Reproduce the listing in full. Keep every character unchanged.

▶ [DATA PROVIDED]:
------------------------------------
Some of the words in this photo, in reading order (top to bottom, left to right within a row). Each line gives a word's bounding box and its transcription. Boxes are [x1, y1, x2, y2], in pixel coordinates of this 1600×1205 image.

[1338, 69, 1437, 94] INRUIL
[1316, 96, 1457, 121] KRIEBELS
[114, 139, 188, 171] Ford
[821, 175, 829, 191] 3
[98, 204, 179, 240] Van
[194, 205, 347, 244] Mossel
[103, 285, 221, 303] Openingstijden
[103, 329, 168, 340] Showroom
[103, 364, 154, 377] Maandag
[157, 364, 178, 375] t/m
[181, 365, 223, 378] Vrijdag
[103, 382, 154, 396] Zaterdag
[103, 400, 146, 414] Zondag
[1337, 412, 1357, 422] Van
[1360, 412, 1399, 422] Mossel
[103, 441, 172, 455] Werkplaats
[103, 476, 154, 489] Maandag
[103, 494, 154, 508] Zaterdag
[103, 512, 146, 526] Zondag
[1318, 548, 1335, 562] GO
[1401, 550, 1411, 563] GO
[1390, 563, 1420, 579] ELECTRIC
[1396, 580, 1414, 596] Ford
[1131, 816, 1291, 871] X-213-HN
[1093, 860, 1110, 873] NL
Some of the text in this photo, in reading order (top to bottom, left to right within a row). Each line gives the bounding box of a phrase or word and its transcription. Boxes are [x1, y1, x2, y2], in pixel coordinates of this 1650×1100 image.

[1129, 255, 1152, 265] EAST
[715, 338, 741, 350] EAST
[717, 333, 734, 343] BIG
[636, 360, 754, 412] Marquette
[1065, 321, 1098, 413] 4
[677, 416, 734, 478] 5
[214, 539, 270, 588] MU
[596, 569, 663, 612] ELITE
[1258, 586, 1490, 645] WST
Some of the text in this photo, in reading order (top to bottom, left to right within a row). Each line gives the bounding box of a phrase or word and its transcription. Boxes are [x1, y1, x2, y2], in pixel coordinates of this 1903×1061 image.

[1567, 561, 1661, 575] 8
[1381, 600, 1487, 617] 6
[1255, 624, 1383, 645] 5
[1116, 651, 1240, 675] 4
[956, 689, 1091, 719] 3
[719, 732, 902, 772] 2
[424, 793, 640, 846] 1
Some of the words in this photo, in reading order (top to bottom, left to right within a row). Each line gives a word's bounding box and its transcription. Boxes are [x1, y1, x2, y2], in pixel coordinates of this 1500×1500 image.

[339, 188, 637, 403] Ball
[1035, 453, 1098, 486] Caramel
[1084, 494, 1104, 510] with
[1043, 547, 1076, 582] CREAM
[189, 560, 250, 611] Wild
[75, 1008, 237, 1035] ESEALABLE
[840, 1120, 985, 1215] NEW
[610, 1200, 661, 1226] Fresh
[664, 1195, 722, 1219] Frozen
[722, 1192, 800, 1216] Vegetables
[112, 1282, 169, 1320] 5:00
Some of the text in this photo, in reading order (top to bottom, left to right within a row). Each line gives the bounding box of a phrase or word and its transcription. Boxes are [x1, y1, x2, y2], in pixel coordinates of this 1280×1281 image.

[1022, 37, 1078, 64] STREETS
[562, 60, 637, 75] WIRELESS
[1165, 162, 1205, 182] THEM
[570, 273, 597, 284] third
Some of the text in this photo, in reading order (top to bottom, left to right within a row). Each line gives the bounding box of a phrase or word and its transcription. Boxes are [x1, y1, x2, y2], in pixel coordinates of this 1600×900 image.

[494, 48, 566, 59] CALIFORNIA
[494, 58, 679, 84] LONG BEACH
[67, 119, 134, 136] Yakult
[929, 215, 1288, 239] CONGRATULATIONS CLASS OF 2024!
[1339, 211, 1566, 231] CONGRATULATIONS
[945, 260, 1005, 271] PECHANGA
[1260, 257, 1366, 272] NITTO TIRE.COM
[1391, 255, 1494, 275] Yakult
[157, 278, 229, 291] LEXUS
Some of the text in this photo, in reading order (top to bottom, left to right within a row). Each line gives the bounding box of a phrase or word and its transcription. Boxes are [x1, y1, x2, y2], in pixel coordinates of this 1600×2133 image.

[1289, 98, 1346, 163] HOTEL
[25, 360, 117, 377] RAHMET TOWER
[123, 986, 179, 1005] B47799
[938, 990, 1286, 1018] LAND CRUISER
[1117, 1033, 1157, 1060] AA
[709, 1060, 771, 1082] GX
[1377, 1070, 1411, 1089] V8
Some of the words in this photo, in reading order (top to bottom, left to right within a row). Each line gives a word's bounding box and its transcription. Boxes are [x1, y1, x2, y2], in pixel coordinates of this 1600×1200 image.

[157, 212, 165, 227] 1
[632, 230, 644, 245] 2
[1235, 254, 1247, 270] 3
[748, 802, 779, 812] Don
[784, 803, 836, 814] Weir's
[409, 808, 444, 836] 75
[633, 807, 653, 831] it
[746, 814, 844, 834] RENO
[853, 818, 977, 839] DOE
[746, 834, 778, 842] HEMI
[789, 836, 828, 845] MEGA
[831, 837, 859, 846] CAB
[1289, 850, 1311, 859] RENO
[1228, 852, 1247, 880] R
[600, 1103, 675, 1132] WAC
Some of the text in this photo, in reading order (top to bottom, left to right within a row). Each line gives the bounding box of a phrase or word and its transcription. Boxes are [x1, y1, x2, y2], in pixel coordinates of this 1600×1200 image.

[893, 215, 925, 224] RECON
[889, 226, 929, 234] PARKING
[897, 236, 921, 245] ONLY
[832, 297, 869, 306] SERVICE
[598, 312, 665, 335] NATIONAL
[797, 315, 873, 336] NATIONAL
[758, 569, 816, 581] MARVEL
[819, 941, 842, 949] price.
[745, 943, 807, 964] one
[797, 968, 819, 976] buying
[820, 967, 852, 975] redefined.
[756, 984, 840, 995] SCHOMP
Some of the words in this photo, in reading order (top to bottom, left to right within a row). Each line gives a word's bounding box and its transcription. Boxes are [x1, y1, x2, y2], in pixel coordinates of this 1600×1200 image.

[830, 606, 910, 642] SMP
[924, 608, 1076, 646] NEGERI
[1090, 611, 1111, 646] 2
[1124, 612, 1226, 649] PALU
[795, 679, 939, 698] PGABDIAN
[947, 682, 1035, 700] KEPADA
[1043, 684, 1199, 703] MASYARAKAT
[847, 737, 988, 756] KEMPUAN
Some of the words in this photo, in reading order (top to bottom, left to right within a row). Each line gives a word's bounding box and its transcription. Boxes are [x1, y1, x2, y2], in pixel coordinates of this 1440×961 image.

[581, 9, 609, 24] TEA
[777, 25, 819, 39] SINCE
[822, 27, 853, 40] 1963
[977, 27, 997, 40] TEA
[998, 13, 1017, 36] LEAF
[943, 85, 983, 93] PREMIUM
------------------------------------
▶ [OUTPUT OF THE EXERCISE]:
Some of the words in this photo, in reading order (top to bottom, left to right within a row). Each line gives a word's bounding box and its transcription. Boxes are [x1, y1, x2, y2], in pixel coordinates of this 1600×1205 image.

[1338, 69, 1437, 94] INRUIL
[1316, 96, 1457, 121] KRIEBELS
[114, 139, 188, 171] Ford
[821, 175, 829, 191] 3
[98, 204, 179, 240] Van
[194, 205, 347, 244] Mossel
[103, 285, 221, 303] Openingstijden
[103, 329, 168, 340] Showroom
[103, 364, 154, 377] Maandag
[157, 364, 178, 375] t/m
[181, 365, 223, 378] Vrijdag
[103, 382, 154, 396] Zaterdag
[103, 400, 146, 414] Zondag
[1337, 412, 1357, 422] Van
[1360, 412, 1399, 422] Mossel
[103, 441, 172, 455] Werkplaats
[103, 476, 154, 489] Maandag
[103, 494, 154, 508] Zaterdag
[103, 512, 146, 526] Zondag
[1318, 548, 1335, 562] GO
[1401, 550, 1411, 563] GO
[1390, 563, 1420, 579] ELECTRIC
[1396, 580, 1414, 596] Ford
[1131, 816, 1291, 871] X-213-HN
[1093, 860, 1110, 873] NL
Some of the text in this photo, in reading order (top to bottom, left to right within a row). Each line gives the bounding box of a phrase or word and its transcription. Boxes are [x1, y1, x2, y2], in pixel coordinates of this 1650×1100 image.

[1129, 255, 1152, 265] EAST
[715, 338, 741, 350] EAST
[717, 333, 734, 343] BIG
[636, 360, 754, 412] Marquette
[1065, 321, 1098, 413] 4
[677, 416, 734, 478] 5
[214, 539, 270, 588] MU
[596, 569, 663, 612] ELITE
[1258, 586, 1490, 645] WST
Some of the text in this photo, in reading order (top to bottom, left to right within a row). Each line gives the bounding box of a phrase or word and its transcription. Boxes are [x1, y1, x2, y2], in pixel coordinates of this 1903×1061 image.

[1567, 561, 1661, 575] 8
[1381, 600, 1487, 617] 6
[1255, 624, 1383, 645] 5
[1116, 651, 1240, 675] 4
[956, 689, 1091, 719] 3
[719, 732, 902, 772] 2
[424, 793, 640, 846] 1
Some of the words in this photo, in reading order (top to bottom, left to right within a row). Each line gives a word's bounding box and its transcription. Boxes are [x1, y1, x2, y2], in pixel coordinates of this 1500×1500 image.

[339, 188, 637, 403] Ball
[1035, 453, 1098, 486] Caramel
[1084, 494, 1104, 510] with
[1043, 547, 1076, 582] CREAM
[189, 560, 250, 611] Wild
[75, 1008, 237, 1035] ESEALABLE
[840, 1120, 985, 1215] NEW
[610, 1200, 661, 1226] Fresh
[664, 1195, 722, 1219] Frozen
[722, 1192, 800, 1216] Vegetables
[112, 1282, 169, 1320] 5:00
Some of the text in this photo, in reading order (top to bottom, left to right within a row). Each line gives the bounding box of a phrase or word and its transcription. Boxes are [x1, y1, x2, y2], in pixel coordinates of this 1280×1281 image.

[1022, 37, 1078, 64] STREETS
[562, 60, 637, 75] WIRELESS
[1165, 162, 1205, 182] THEM
[570, 273, 597, 284] third
Some of the text in this photo, in reading order (top to bottom, left to right within a row). Each line gives the bounding box of a phrase or word and its transcription. Boxes are [x1, y1, x2, y2], in pixel coordinates of this 1600×900 image.

[494, 48, 566, 59] CALIFORNIA
[494, 58, 679, 84] LONG BEACH
[67, 119, 134, 136] Yakult
[929, 215, 1288, 239] CONGRATULATIONS CLASS OF 2024!
[1339, 211, 1566, 231] CONGRATULATIONS
[945, 260, 1005, 271] PECHANGA
[1260, 257, 1366, 272] NITTO TIRE.COM
[1391, 255, 1494, 275] Yakult
[157, 278, 229, 291] LEXUS
Some of the text in this photo, in reading order (top to bottom, left to right within a row). Each line gives the bounding box of a phrase or word and its transcription. Boxes are [x1, y1, x2, y2], in pixel coordinates of this 1600×2133 image.

[1289, 98, 1346, 163] HOTEL
[25, 360, 117, 377] RAHMET TOWER
[123, 986, 179, 1005] B47799
[938, 990, 1286, 1018] LAND CRUISER
[1117, 1033, 1157, 1060] AA
[709, 1060, 771, 1082] GX
[1377, 1070, 1411, 1089] V8
Some of the words in this photo, in reading order (top to bottom, left to right within a row). Each line gives a word's bounding box and its transcription. Boxes are [x1, y1, x2, y2], in pixel coordinates of this 1600×1200 image.

[157, 212, 165, 227] 1
[632, 230, 644, 245] 2
[1235, 254, 1247, 270] 3
[748, 802, 779, 812] Don
[784, 803, 836, 814] Weir's
[409, 808, 444, 836] 75
[633, 807, 653, 831] it
[746, 814, 844, 834] RENO
[853, 818, 977, 839] DOE
[746, 834, 778, 842] HEMI
[789, 836, 828, 845] MEGA
[831, 837, 859, 846] CAB
[1289, 850, 1311, 859] RENO
[1228, 852, 1247, 880] R
[600, 1103, 675, 1132] WAC
Some of the text in this photo, in reading order (top to bottom, left to right within a row). Each line gives the bounding box of a phrase or word and its transcription. Boxes are [x1, y1, x2, y2], in pixel coordinates of this 1600×1200 image.

[893, 215, 925, 224] RECON
[889, 226, 929, 234] PARKING
[897, 236, 921, 245] ONLY
[832, 297, 869, 306] SERVICE
[598, 312, 665, 335] NATIONAL
[797, 315, 873, 336] NATIONAL
[758, 569, 816, 581] MARVEL
[819, 941, 842, 949] price.
[745, 943, 807, 964] one
[797, 968, 819, 976] buying
[820, 967, 852, 975] redefined.
[756, 984, 840, 995] SCHOMP
Some of the words in this photo, in reading order (top to bottom, left to right within a row). Each line gives a word's bounding box and its transcription. Boxes are [x1, y1, x2, y2], in pixel coordinates of this 1600×1200 image.

[830, 606, 910, 642] SMP
[924, 608, 1076, 646] NEGERI
[1090, 611, 1111, 646] 2
[1124, 612, 1226, 649] PALU
[795, 679, 939, 698] PGABDIAN
[947, 682, 1035, 700] KEPADA
[1043, 684, 1199, 703] MASYARAKAT
[847, 737, 988, 756] KEMPUAN
Some of the words in this photo, in reading order (top to bottom, left to right within a row). Each line gives a word's bounding box and its transcription. Boxes are [x1, y1, x2, y2], in pixel coordinates of this 1440×961 image.

[581, 9, 609, 24] TEA
[777, 25, 819, 39] SINCE
[822, 27, 853, 40] 1963
[977, 27, 997, 40] TEA
[998, 13, 1017, 36] LEAF
[943, 85, 983, 93] PREMIUM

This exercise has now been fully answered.